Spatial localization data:
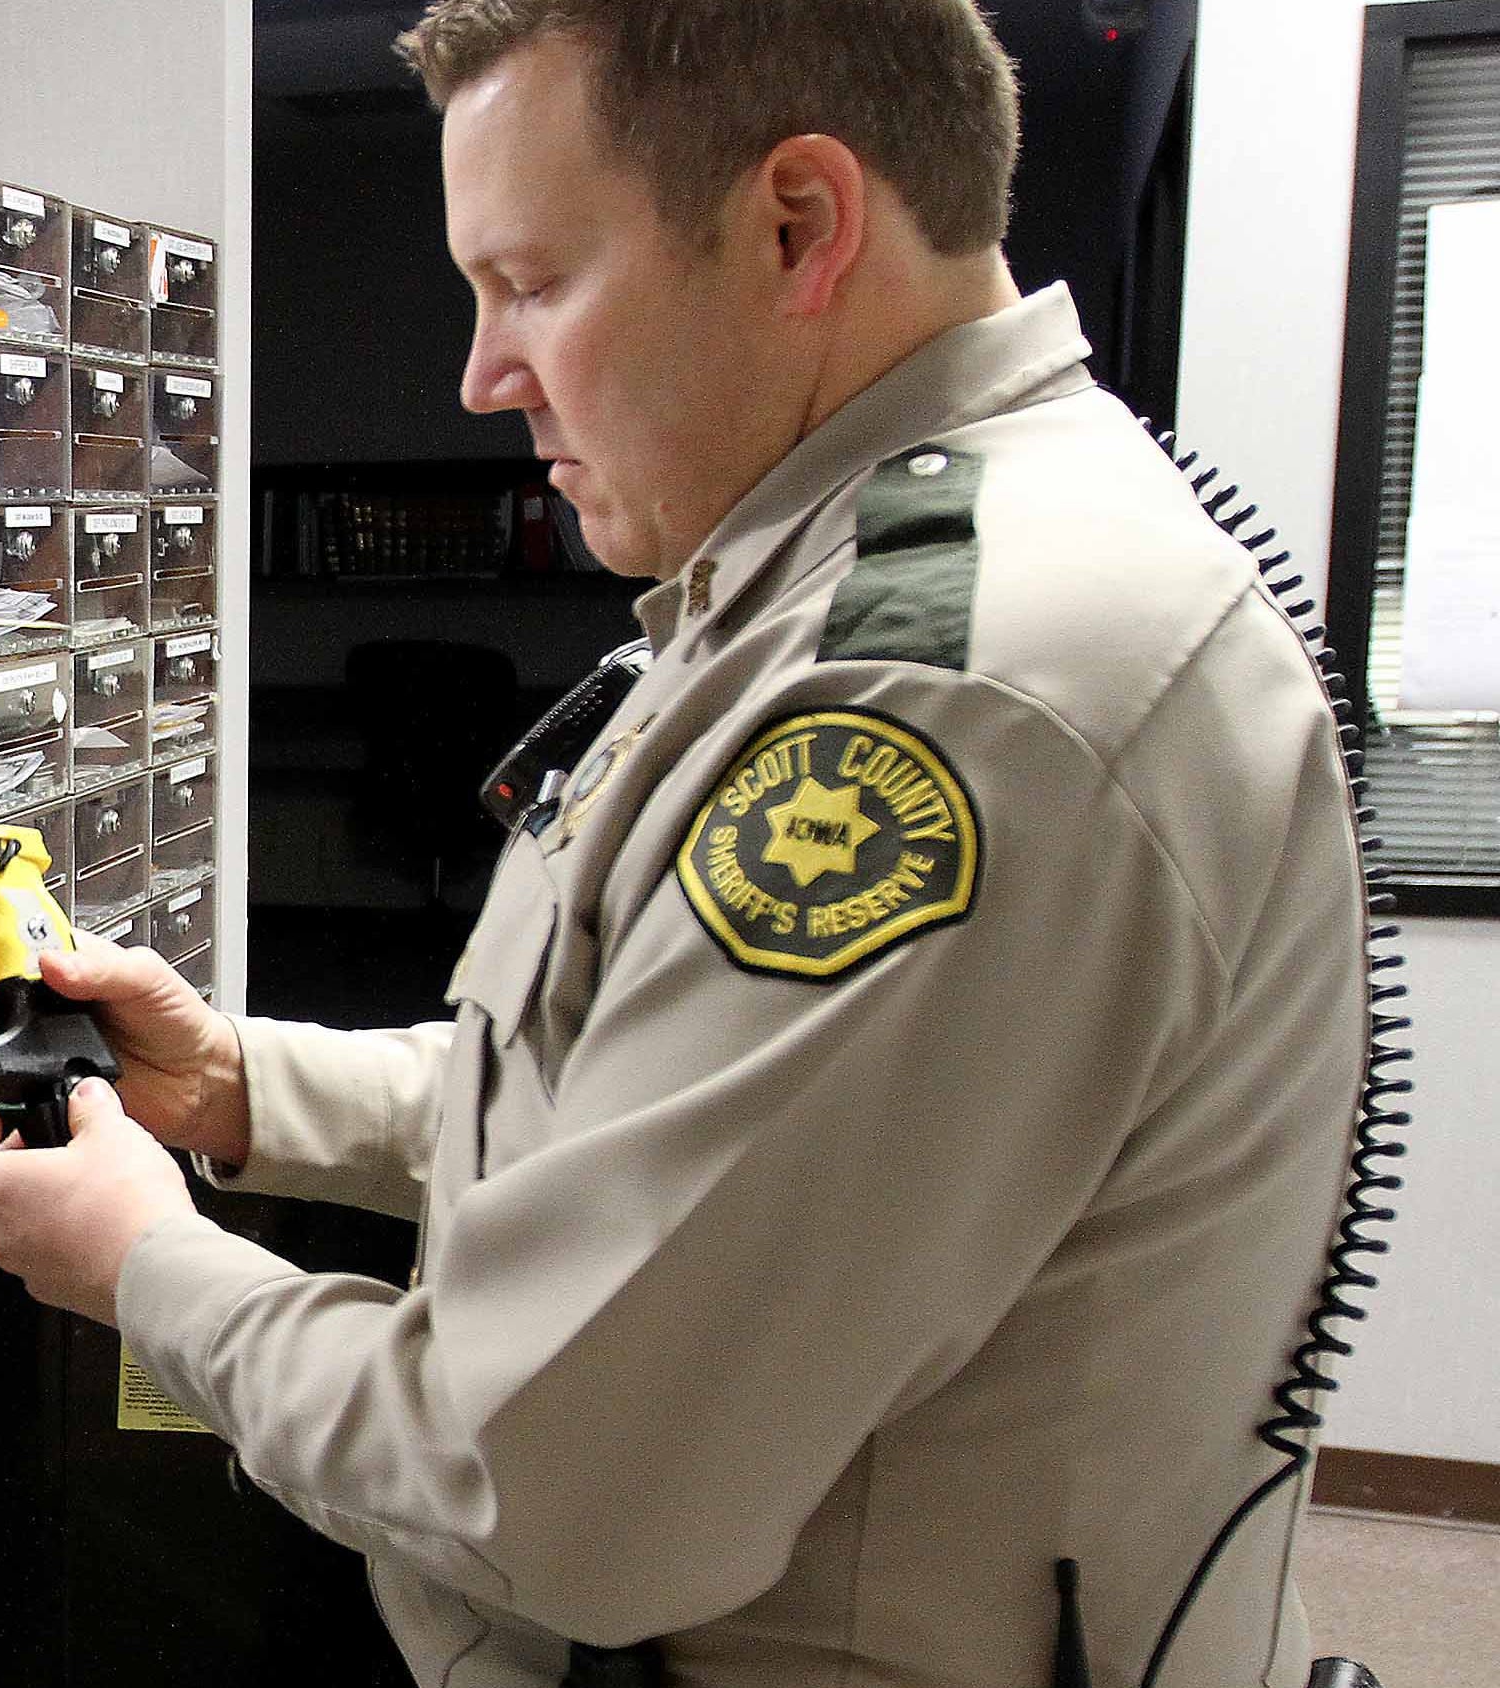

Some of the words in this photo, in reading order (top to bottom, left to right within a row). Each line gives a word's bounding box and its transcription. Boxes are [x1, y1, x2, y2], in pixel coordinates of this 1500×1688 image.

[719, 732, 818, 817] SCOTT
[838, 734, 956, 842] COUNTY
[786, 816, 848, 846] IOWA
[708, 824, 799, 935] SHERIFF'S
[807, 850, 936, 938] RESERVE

Aim of the exercise: Could you repeat the data exactly, omitting its pictures?

Response box:
Some of the words in this photo, in reading order (top to bottom, left to right within a row). Each line gives a word's bounding box and its transcription. Boxes are [x1, y1, x2, y2], in pixel coordinates of this 1500×1688 image.

[719, 732, 818, 817] SCOTT
[838, 734, 956, 842] COUNTY
[786, 816, 848, 846] IOWA
[708, 824, 799, 935] SHERIFF'S
[807, 850, 936, 938] RESERVE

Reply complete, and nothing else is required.